**Exercise description**
Give an unaltered copy of the listing below, minus its pictures.

*** Opening of Available data ***

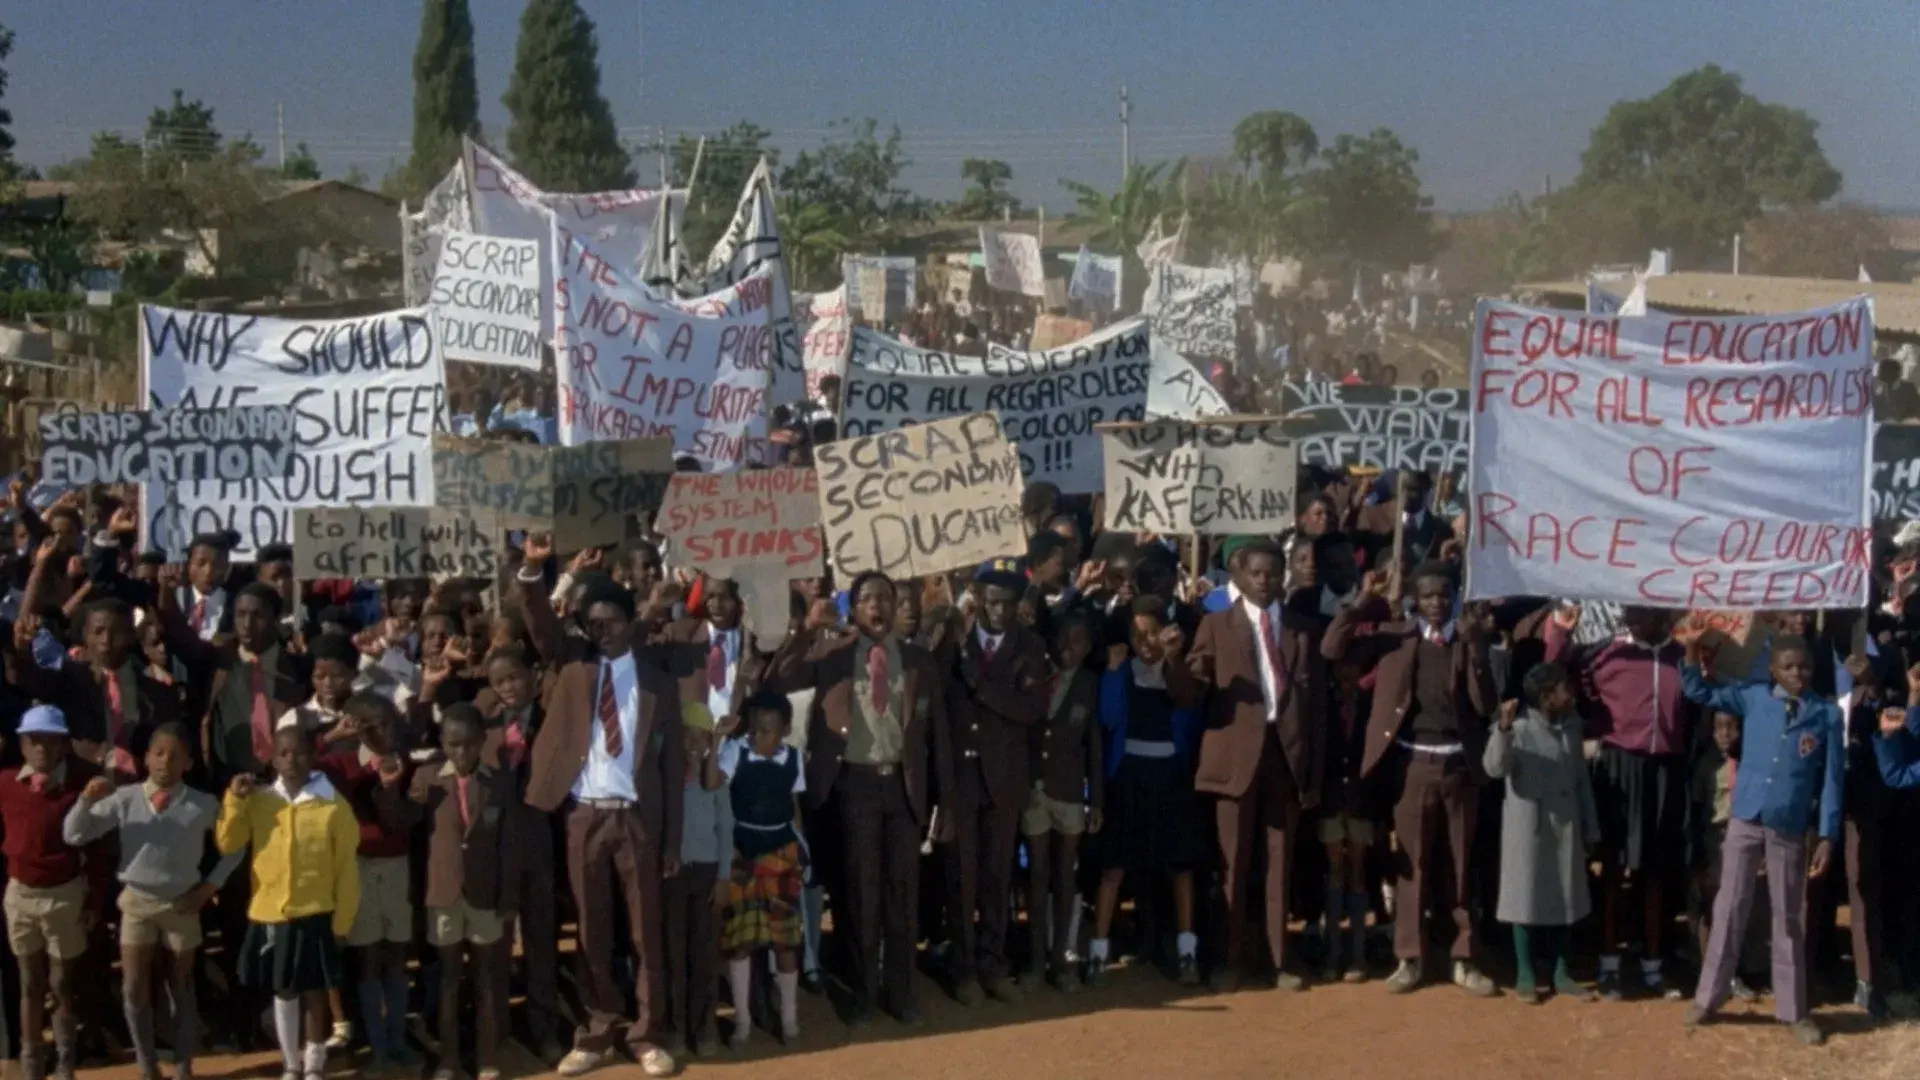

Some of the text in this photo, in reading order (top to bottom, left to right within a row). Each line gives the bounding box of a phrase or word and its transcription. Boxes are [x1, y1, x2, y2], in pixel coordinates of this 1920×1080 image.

[444, 237, 535, 278] SCRAP
[143, 305, 433, 375] WHY SHOULD
[440, 316, 541, 361] DUCATION
[579, 293, 660, 347] NOT
[666, 322, 694, 362] A
[1482, 306, 1863, 366] EQUAL EDUCATION
[851, 333, 1148, 377] EQUAL EDUCATION
[847, 380, 909, 413] FOR
[927, 385, 973, 412] ALL
[986, 362, 1149, 413] REGARDLESS
[1282, 380, 1459, 410] WE DO
[1477, 369, 1580, 419] FOR
[1596, 376, 1663, 426] ALL
[39, 405, 297, 446] SCRAP SECONDARY
[289, 382, 455, 445] SUFFER
[1337, 407, 1468, 440] WANT
[818, 412, 1000, 480] SCRAP
[671, 465, 819, 499] THE WHOLE
[1628, 446, 1714, 500] OF
[307, 511, 489, 547] to hell with
[667, 497, 778, 532] SYSTEM
[1477, 492, 1646, 568] RACE
[1670, 516, 1836, 567] COLOUR
[685, 527, 822, 566] STINKS
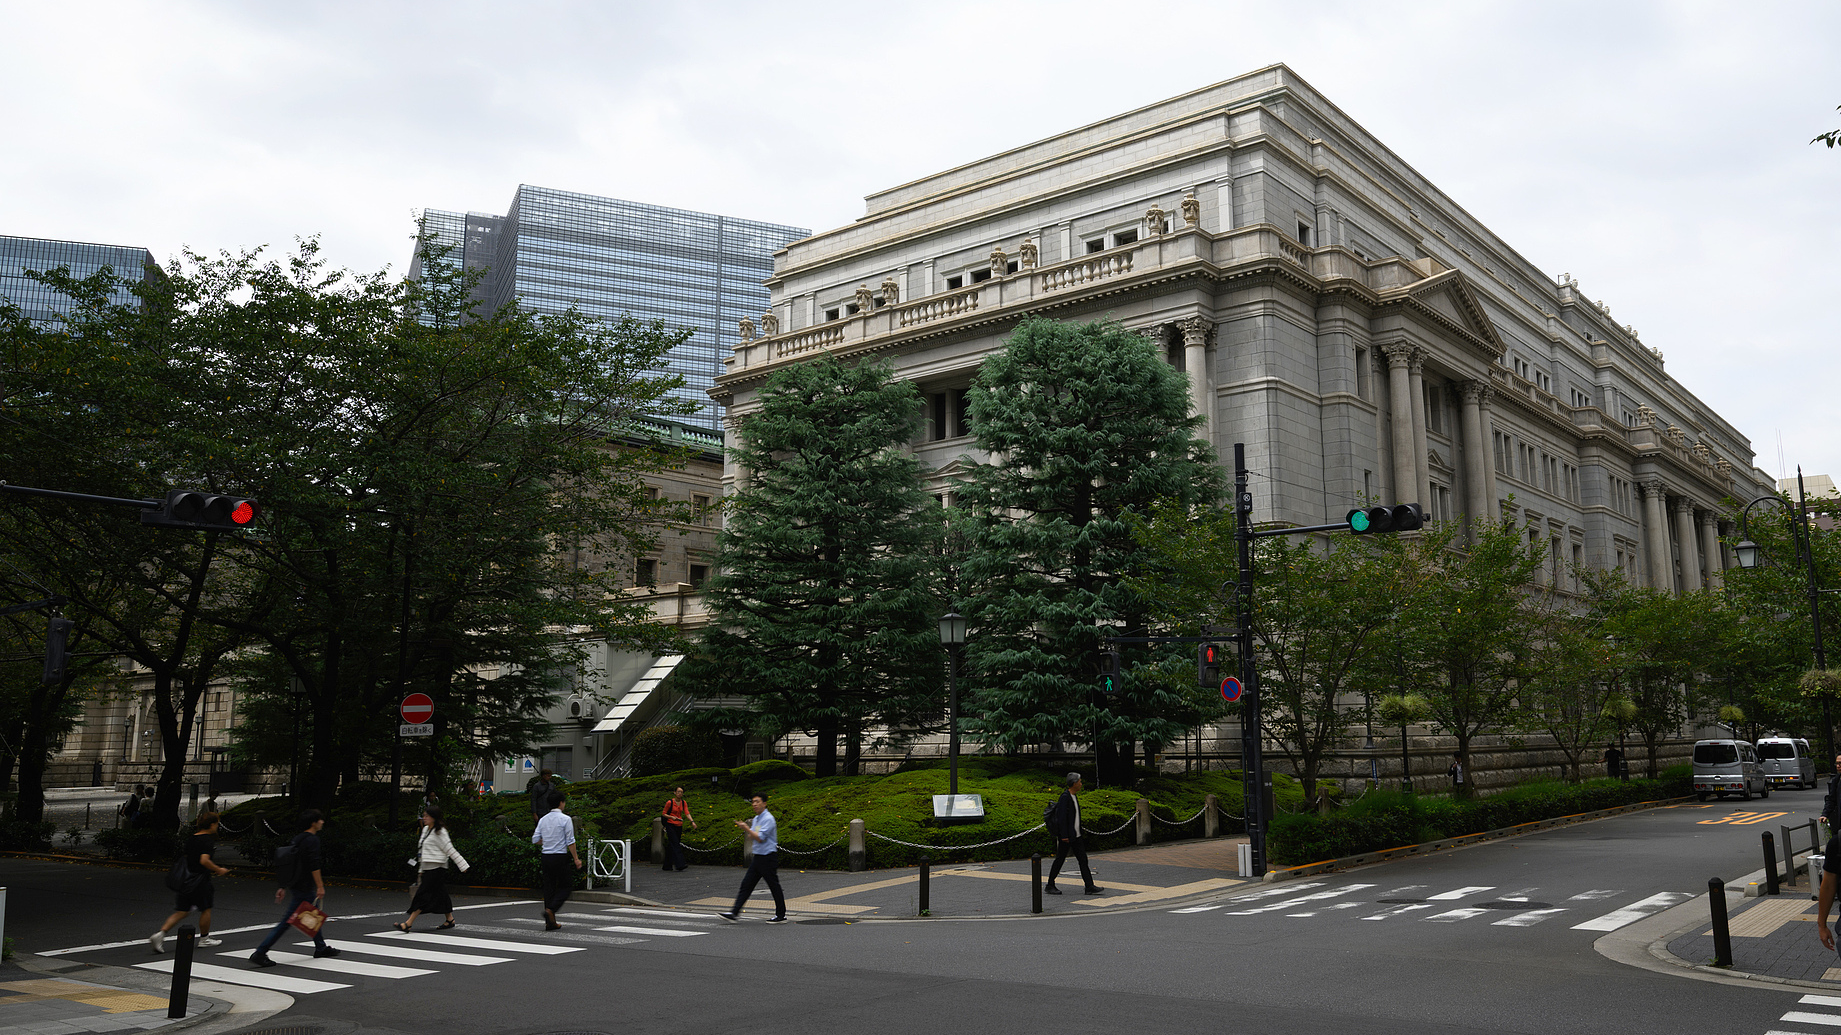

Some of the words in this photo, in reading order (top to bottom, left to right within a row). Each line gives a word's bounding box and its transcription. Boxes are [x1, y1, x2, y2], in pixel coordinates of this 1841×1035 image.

[401, 726, 432, 735] 自転車を除く
[1696, 811, 1788, 825] 30

*** Close of Available data ***

**Answer to this task**
Some of the text in this photo, in reading order (top to bottom, left to right within a row). Each line gives the bounding box of a phrase or word and its transcription. Boxes are [x1, y1, x2, y2], in pixel coordinates of this 1920×1080 image.

[444, 237, 535, 278] SCRAP
[143, 305, 433, 375] WHY SHOULD
[440, 316, 541, 361] DUCATION
[579, 293, 660, 347] NOT
[666, 322, 694, 362] A
[1482, 306, 1863, 366] EQUAL EDUCATION
[851, 333, 1148, 377] EQUAL EDUCATION
[847, 380, 909, 413] FOR
[927, 385, 973, 412] ALL
[986, 362, 1149, 413] REGARDLESS
[1282, 380, 1459, 410] WE DO
[1477, 369, 1580, 419] FOR
[1596, 376, 1663, 426] ALL
[39, 405, 297, 446] SCRAP SECONDARY
[289, 382, 455, 445] SUFFER
[1337, 407, 1468, 440] WANT
[818, 412, 1000, 480] SCRAP
[671, 465, 819, 499] THE WHOLE
[1628, 446, 1714, 500] OF
[307, 511, 489, 547] to hell with
[667, 497, 778, 532] SYSTEM
[1477, 492, 1646, 568] RACE
[1670, 516, 1836, 567] COLOUR
[685, 527, 822, 566] STINKS

Some of the words in this photo, in reading order (top to bottom, left to right within a row). Each line gives a word's bounding box and its transcription. Boxes are [x1, y1, x2, y2], in pixel coordinates of this 1841×1035 image.

[401, 726, 432, 735] 自転車を除く
[1696, 811, 1788, 825] 30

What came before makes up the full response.